Curl argument size limit?


(searchersteve) #1

This appears to be a cURL issue more than an ES issue, but I couldn't find any discussion of it on http://curl.haxx.se, and it seemed likely that some other ES user has hit the same roadblock.

I frequently use _bulk indexing via the cURL client on Linux + Ubuntu:

curl -XPUT 'http://localhost:9200/_bulk' -d '{"index": [......etc. etc.]

Working with set of 150 large documents recently, I discovered that if I sent <= 35 documents at a time, then every document was indexed fine. If I sent >35 documents, the percentage of documents successfully indexed declined rapidly. The reason was not a failure of ES to index individual documents within a request (there were no ES errors or anything); instead, it appeared that cURL just started choking on entire requests. The number of cURL failures increased with the size of the query parameter of my request.

Based on these observations, I am speculating that cURL has a limit on the size of paramaters it can handle. Alternatively, this size limit exists somewhere in the operating system.

Further testing shows that the threshold appears to be around 130 kilobytes. Bulk posts >= 132 kilobytes (I'm including the full command in my byte count) fail, while bulk posts <= 128 kilobytes succeed.

For final confirmation, I just now ran the commands interactively and got a shell error that said:

-bash: /usr/bin/curl: Argument list too long

Has anyone encountered this barrier? Is it over-rideable, or do I need to limit the size of my bulk requests?

Thanks in advance.


(searchersteve) #2

Okay, I've got some answers, but would love some additional input....

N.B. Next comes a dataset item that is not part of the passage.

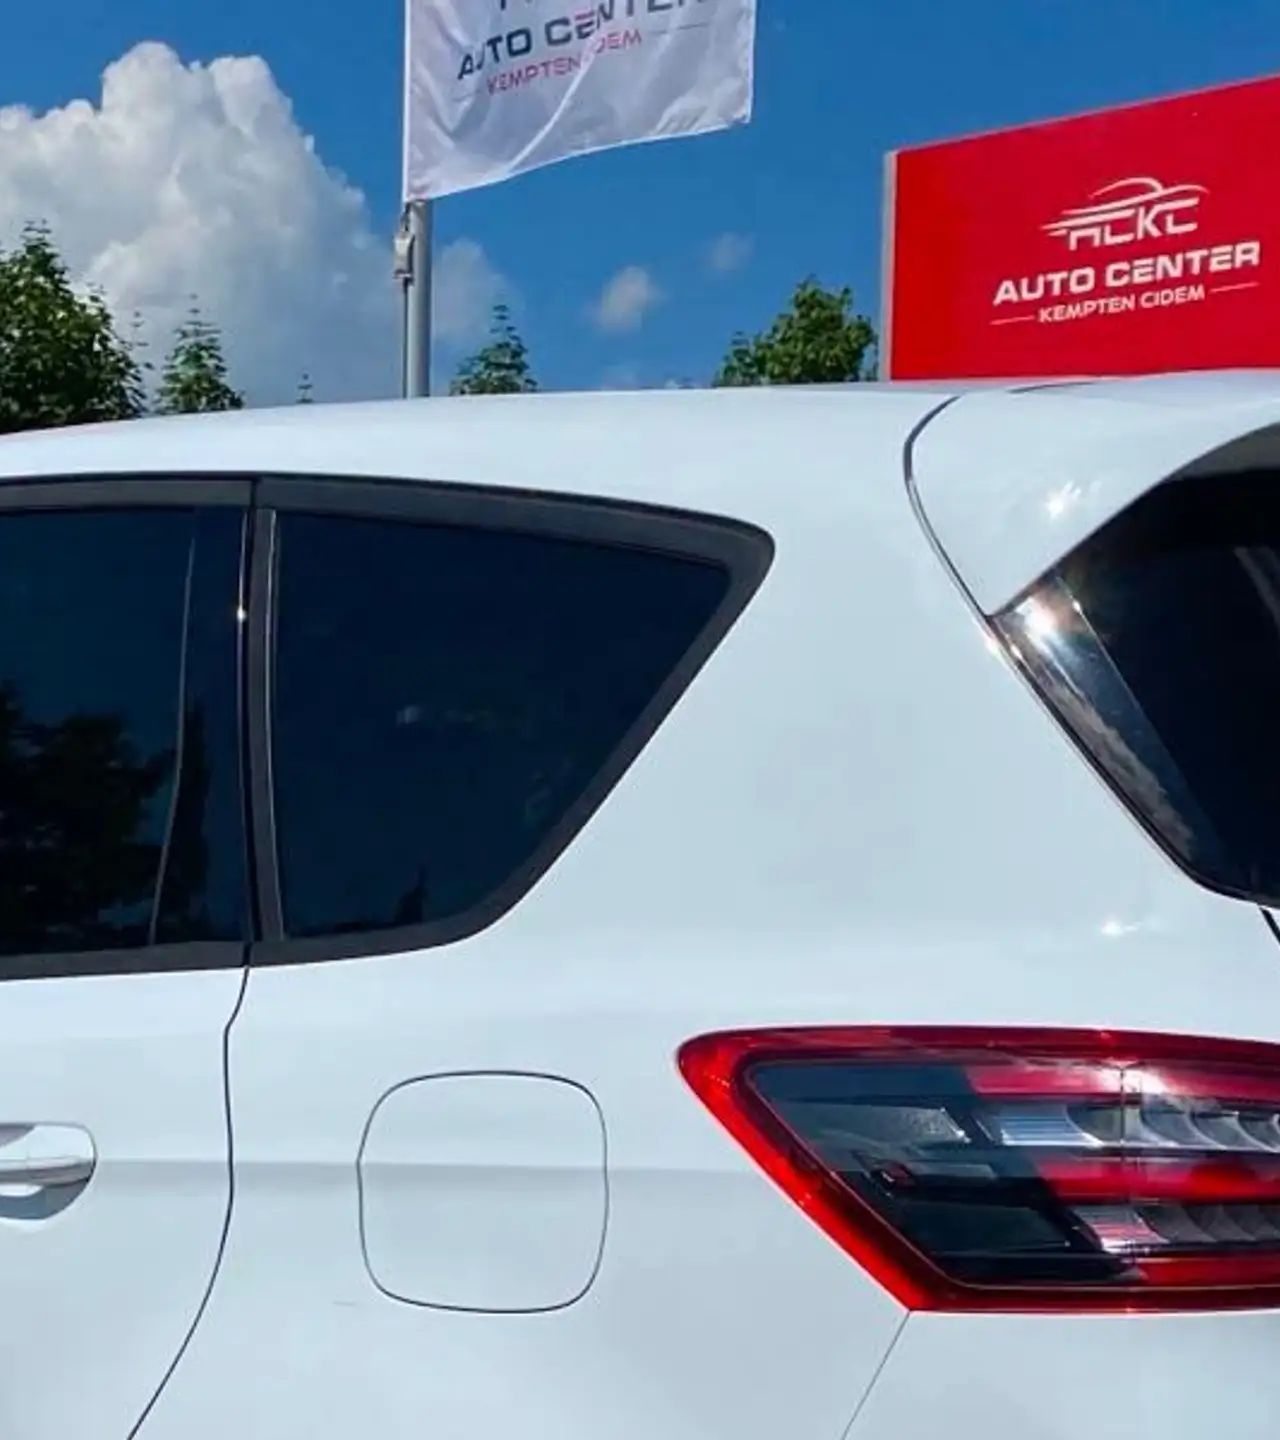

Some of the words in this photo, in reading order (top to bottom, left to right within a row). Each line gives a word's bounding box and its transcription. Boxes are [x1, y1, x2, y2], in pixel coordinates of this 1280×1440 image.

This is a Linux shell issue. See this well-researched overview of Linux argument limits, or this oblique reference in the Linux manual.

The Linux constant MAX_ARG_STRLEN restricts the size of any given argument (e.g., the ElasticSearch JSON payload) to 131072 bytes.

Because MAX_ARG_STRLEN is an immutable constant, the only proposed solutions out there are: a) break up the argument and loop over it in the shell; b) load the (url-encoded) JSON from a file, denoted by @[filename] in place of the JSON. Solution A kind of defeats the whole purpose of bulk indexing in ES, so I'm about to embark on B.

Can anyone steer me in a different direction?


(Daniel Ferreira) #3

I, you probably don't need use curl to upload your bulk.
you can save your json struct in a file and upload it.
example:
wget --post-file ./huge_struct_data http://localhost:9200/_bulk


(system) #4